== Work item ==
Leaving the pictures aside, transcribe the data below exactly.

== Material for this task ==
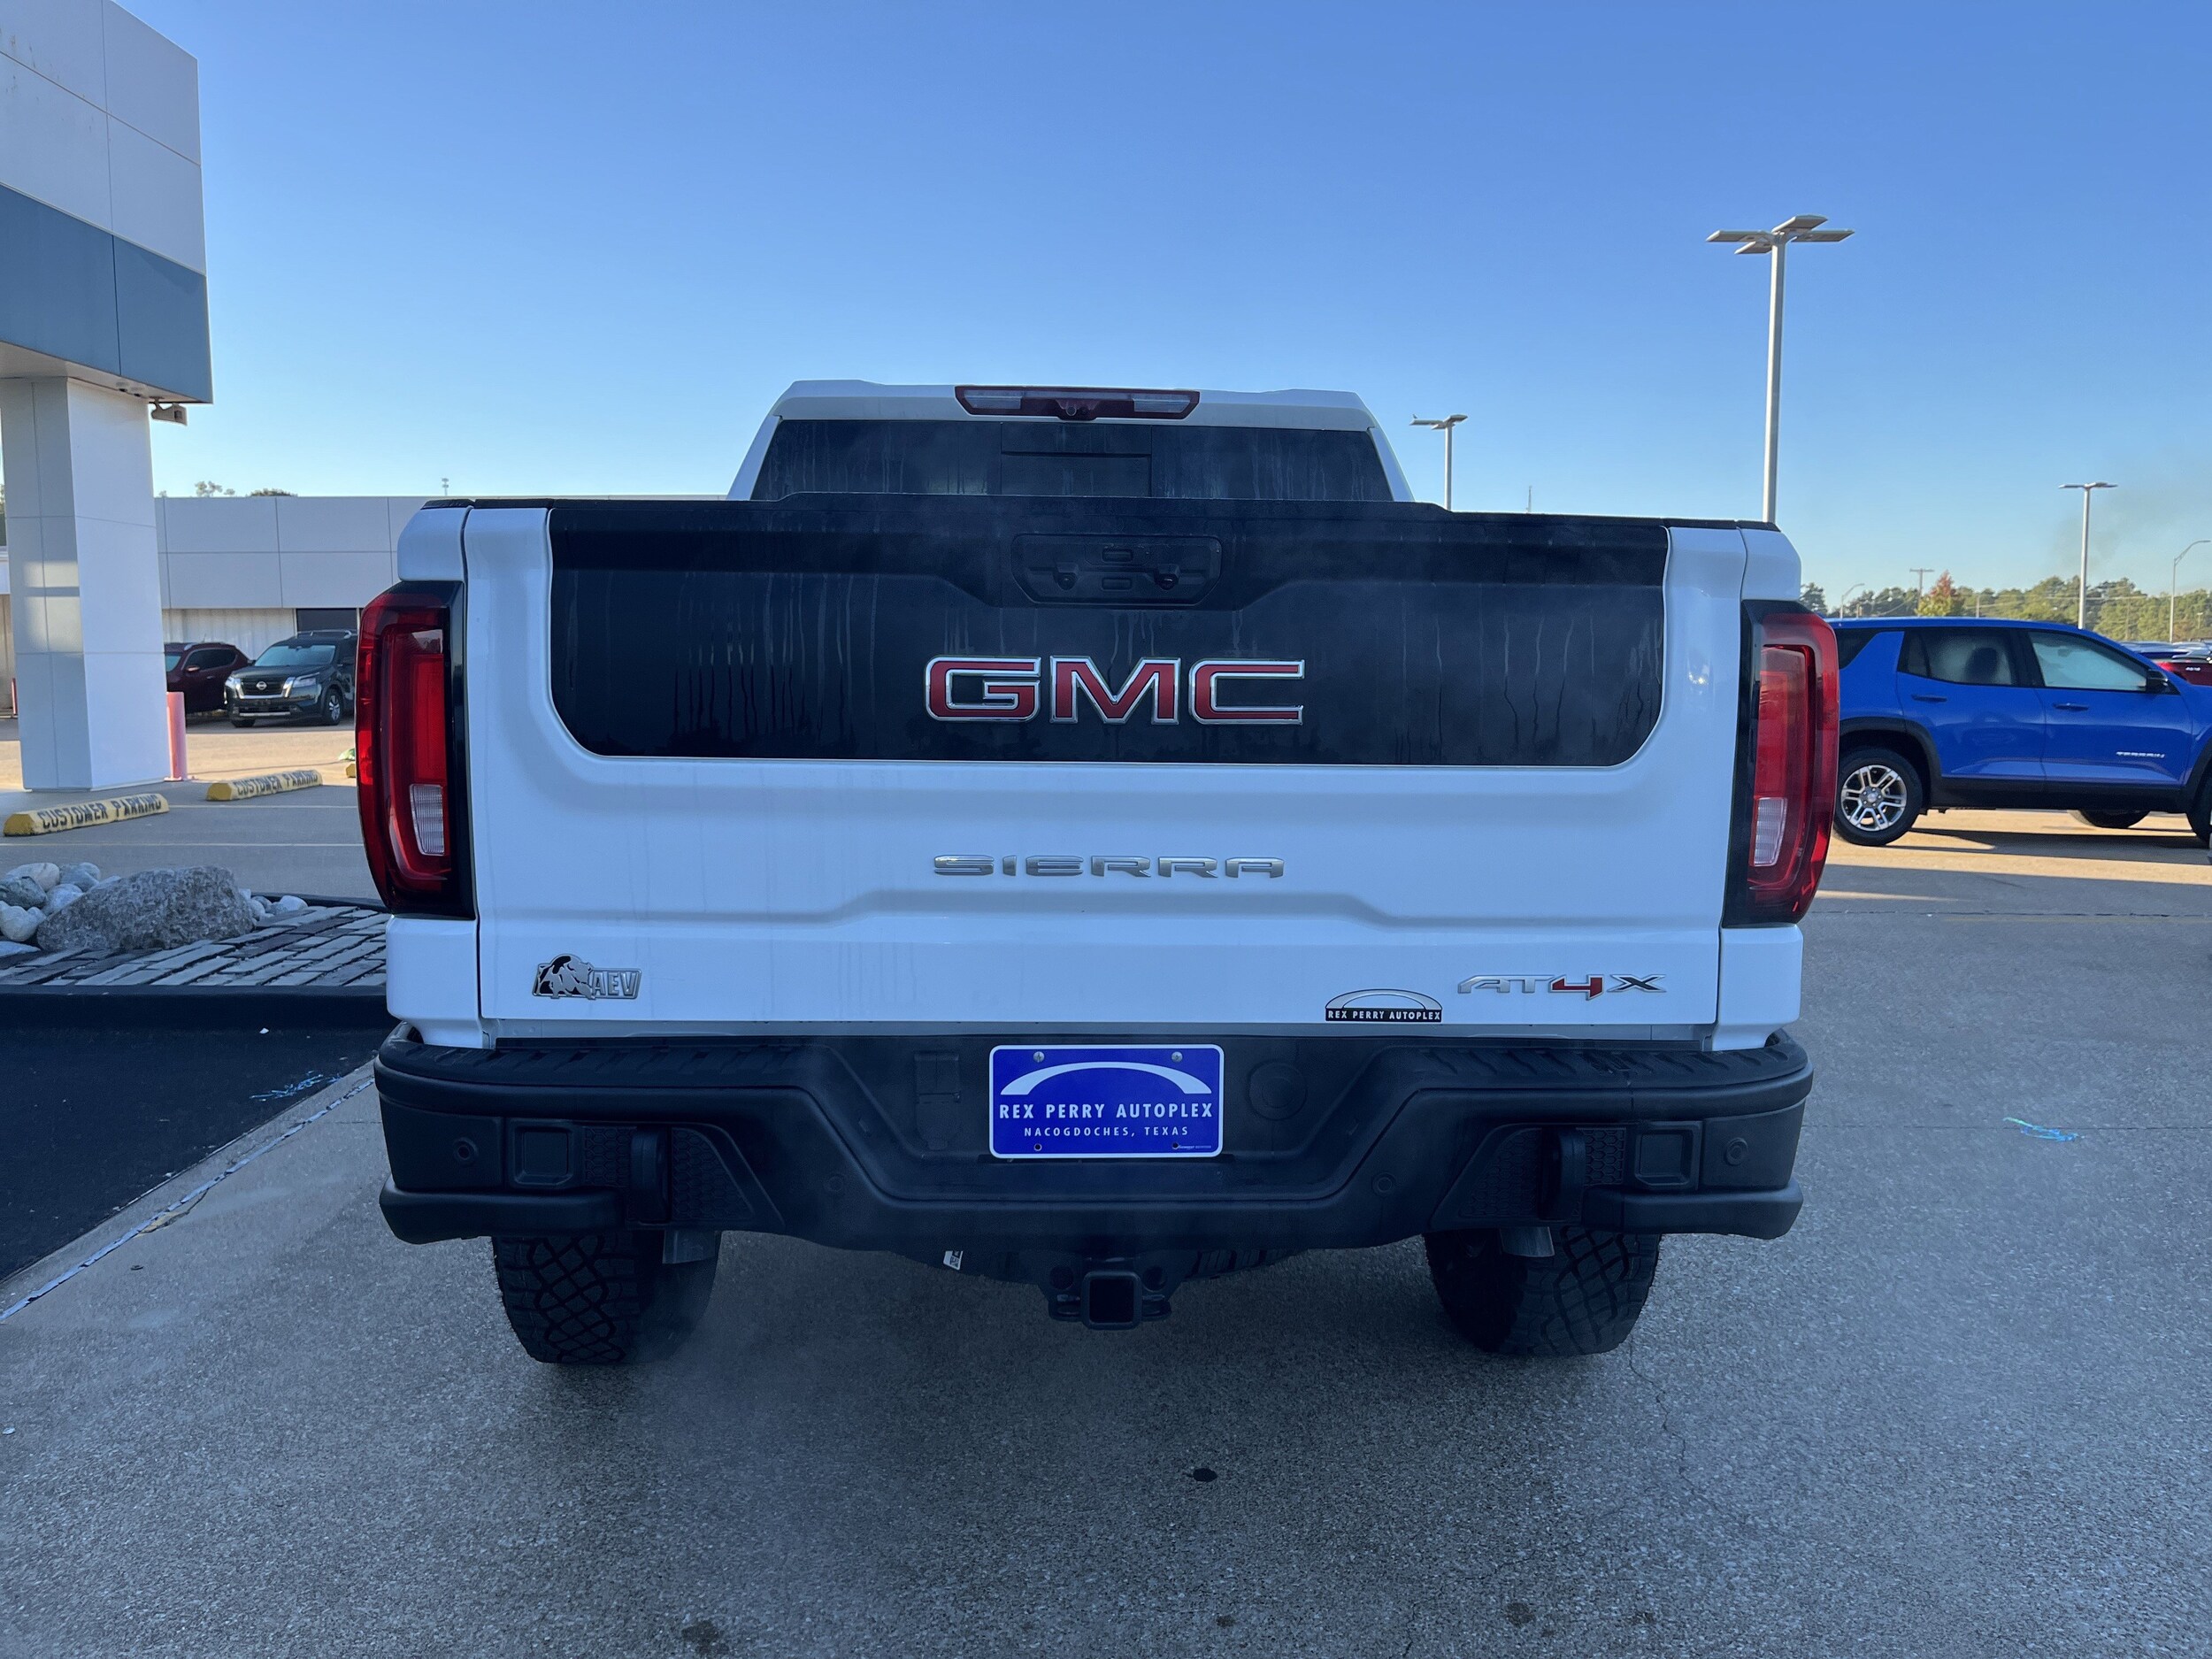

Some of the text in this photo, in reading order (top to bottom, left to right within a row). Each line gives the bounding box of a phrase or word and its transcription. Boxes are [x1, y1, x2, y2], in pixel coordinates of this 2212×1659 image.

[925, 655, 1305, 726] GMC
[236, 769, 319, 797] CUSTOMER PARKING
[38, 793, 163, 830] CUSTOMER PARKING
[933, 854, 1285, 879] SIERRA
[591, 970, 638, 996] AEV
[1457, 973, 1667, 1002] AT4X
[1328, 1010, 1440, 1021] REX PERRY AUTOPLEX
[999, 1102, 1213, 1119] REX PERRY AUTOPLEX
[1024, 1125, 1189, 1138] NACOGDOCHES, TEXAS
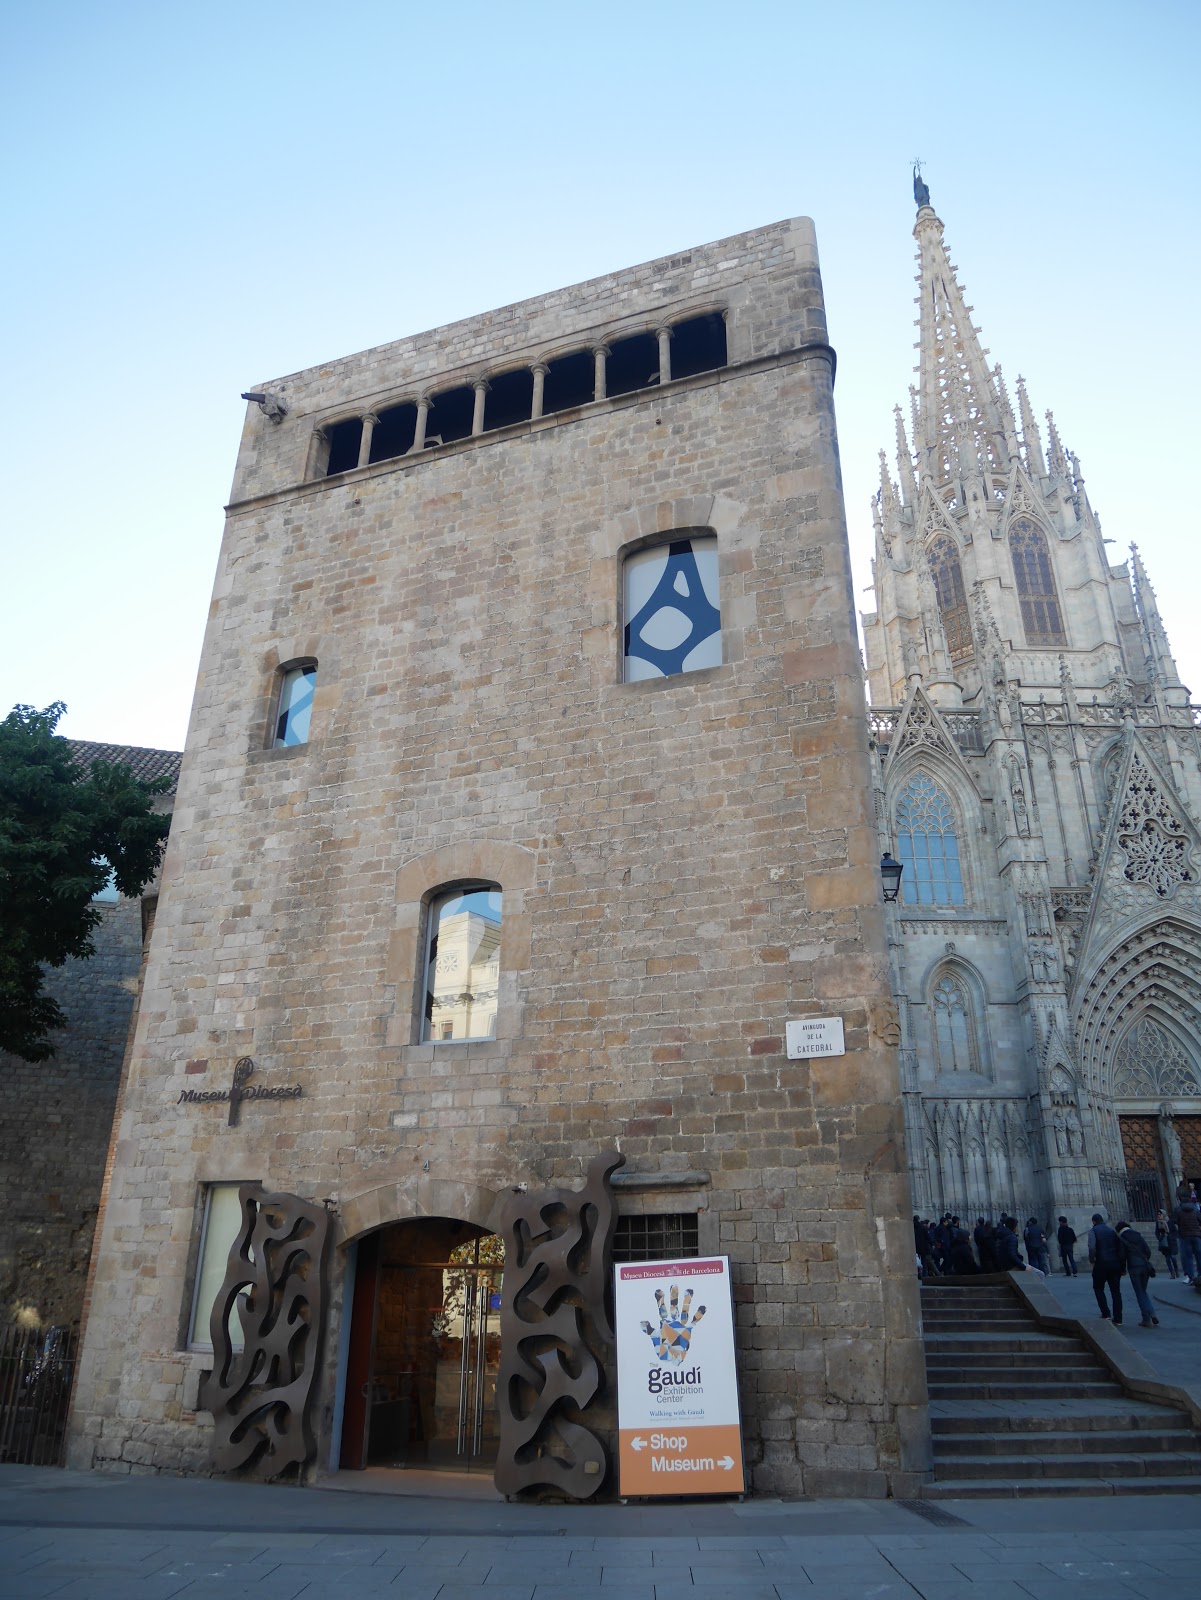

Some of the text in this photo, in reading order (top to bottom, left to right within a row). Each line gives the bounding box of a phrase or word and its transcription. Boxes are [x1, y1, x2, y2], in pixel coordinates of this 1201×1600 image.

== Answer to this problem ==
Some of the text in this photo, in reading order (top to bottom, left to right within a row). Each line gives the bounding box of a phrase or word and its transcription. Boxes are [x1, y1, x2, y2], in pixel coordinates of this 2212×1659 image.

[925, 655, 1305, 726] GMC
[236, 769, 319, 797] CUSTOMER PARKING
[38, 793, 163, 830] CUSTOMER PARKING
[933, 854, 1285, 879] SIERRA
[591, 970, 638, 996] AEV
[1457, 973, 1667, 1002] AT4X
[1328, 1010, 1440, 1021] REX PERRY AUTOPLEX
[999, 1102, 1213, 1119] REX PERRY AUTOPLEX
[1024, 1125, 1189, 1138] NACOGDOCHES, TEXAS

Some of the text in this photo, in reading order (top to bottom, left to right within a row). Each line gives the bounding box of a phrase or word and its transcription. Boxes are [x1, y1, x2, y2], in pixel coordinates of this 1201×1600 image.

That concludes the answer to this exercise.